Огромный дом адмирала Лефорта — подарок царя — светился всеми окнами. Гремела музыка. На широком дворе скрипели сани подъезжавших гостей, фыркали лошади, переругивались возчики, цепляя друг дружку разводами саней:
— Куда прешь? Куда прешь? Ослеп?
— А ты че расшаперился в полдвора?
— …Не вишь, че ли, твой пристяжной мою цапает.
— Не впрягал бы кобылу в пристяжку.
— …Я твому кореннику в рыло дам, он в спину, гад, уперся.
— Поспробуй дай. Скажу князю, он те даст.
— Ты че, не кормил его? Он в мою кошеву за сеном лезет.
— А тебе жалко сена? Да? Ишо накосишь…
В прихожей лакеи сбивались с ног, принимали шубы, шапки у гостей, вешали на гвозди на стене, складывали стопами по лавкам. Гости, поправляя парики, подкручивая усы, у кого они водились, проходили в огромную залу, где было светло и людно. Кучковались по-родственному, по-дружески.
Едва явился в дверях Шереметев, к нему бросился Апраксин:
— Борис Петрович, душа моя, сколько лет, сколько зим.
Обнялись, расцеловались с искренней радостью.
— Так ведь как ты, Федя, в Архангельск на воеводство убыл, с той поры и не виделись.
— Я теперь в Воронеже командую, Борис Петрович. Государь меня на верфь главным назначил, хлопот выше головы.
Федор Апраксин моложе Шереметева на девятнадцать лет, в сыны ему годится, а вот сдружились же. Чем-то пришлись друг другу. Царь увидел их, подошел, улыбающийся, веселый.
— А-а, два друга — ремень и подпруга, свиделись наконец-то.
— Свиделись, государь, — отвечал Апраксин. — Спасибо, что позвал меня в Москву.
— Позвал я тебя для дела, Федор Матвеевич, завтра чтоб у меня утром с отчетом был. А ныне веселитесь, готовьтесь с Ивашкой Хмельницким сразиться.

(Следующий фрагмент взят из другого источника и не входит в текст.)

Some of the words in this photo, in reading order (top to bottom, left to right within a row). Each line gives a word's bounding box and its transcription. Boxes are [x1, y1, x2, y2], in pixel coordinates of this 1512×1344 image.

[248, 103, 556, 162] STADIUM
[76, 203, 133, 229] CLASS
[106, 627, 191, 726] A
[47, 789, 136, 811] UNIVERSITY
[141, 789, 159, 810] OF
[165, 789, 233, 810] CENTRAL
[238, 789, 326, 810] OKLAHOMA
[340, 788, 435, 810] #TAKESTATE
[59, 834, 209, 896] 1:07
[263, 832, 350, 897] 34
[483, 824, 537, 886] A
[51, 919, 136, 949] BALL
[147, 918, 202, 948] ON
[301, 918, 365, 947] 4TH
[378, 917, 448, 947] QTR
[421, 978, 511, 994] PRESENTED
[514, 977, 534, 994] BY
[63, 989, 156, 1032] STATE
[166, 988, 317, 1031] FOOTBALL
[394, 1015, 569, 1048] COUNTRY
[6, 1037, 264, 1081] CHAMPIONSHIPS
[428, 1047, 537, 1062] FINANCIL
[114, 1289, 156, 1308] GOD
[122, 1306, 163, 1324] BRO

Петр повернулся к Шереметеву:
— Борис Петрович, кем у тебя Курбатов?
— Дворецкий, — удивился боярин.
— Вели ему завтра утром у меня быть.
— Х-хорошо. Велю.
Хотел спросить: а зачем? Но не успел. Петр, высокий, через головы увидел кого-то, помахал рукой и пошел туда, кому-то кивнув по пути, кого-то дружески похлопав по спине. Всем лестно внимание царя, и потому он сколь может одаривает каждого кого улыбкой, кого кивком, с кем-то словом перекинется, кого-то из самых доверенных, шутя, под микитки ткнет. Сюда, к Лефорту, зовут лишь тех, к кому благоволит государь, кто предан ему. Людей, по какой-то причине не симпатичных царю, Франц Яковлевич никогда не позовет к себе.

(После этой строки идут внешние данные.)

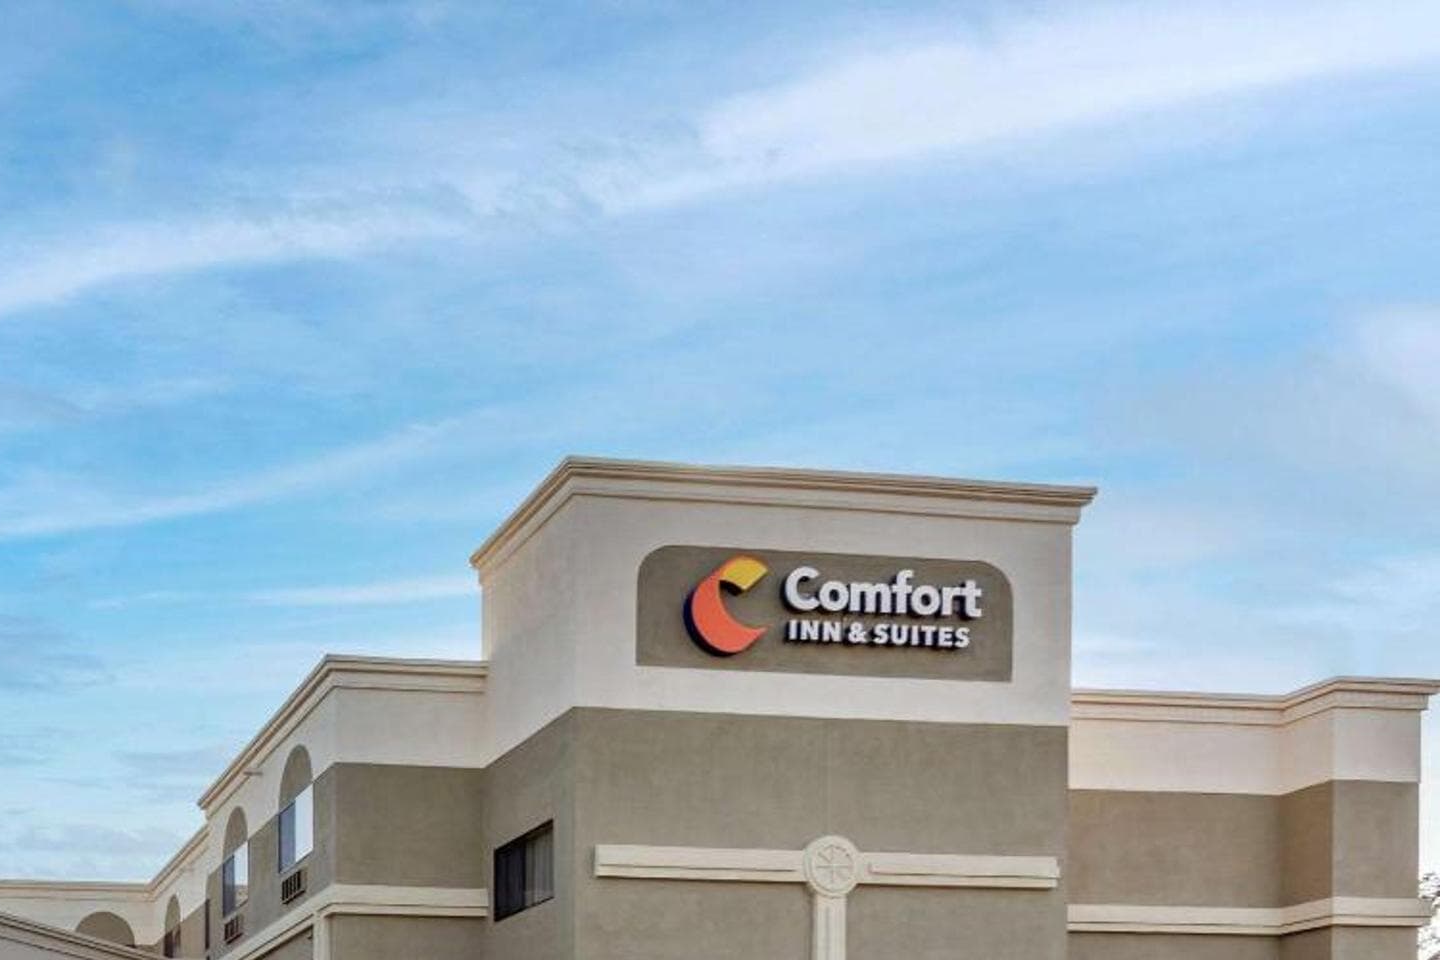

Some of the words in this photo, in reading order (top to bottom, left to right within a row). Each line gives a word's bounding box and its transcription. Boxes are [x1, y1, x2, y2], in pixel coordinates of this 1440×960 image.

[784, 566, 982, 617] Comfort
[789, 619, 841, 642] INN
[847, 621, 868, 644] &
[873, 623, 971, 647] SUITES

— Зачем ему Алешка спонадобился? — дивился Шереметев. — Не натворил ли чего, засранец?
— Если б чего натворил, не к государю б звали, а в Преображенское к Ромодановскому, — предположил Апраксин.
— Хых… — удивился Шереметев, — пожалуй, ты прав. Надо ж… Алешка вдруг царю спонадобился. Дела-а!
— Ладно, Борис Петрович, государю на безделье люди не надобны. Раз зовет, значит, дело до него есть. Расскажи лучше о поездке в Италию.
Разговор между друзьями, давно не видавшимися, скачет с одного предмета на другой, словно огонек по сухим веткам: то Шереметев начнет рассказывать, как через Альпы пробирался, то Апраксин вспомнит, как в Архангельске губернаторствовал, то о море, то о кораблях заговорят, то о розыске стрелецком.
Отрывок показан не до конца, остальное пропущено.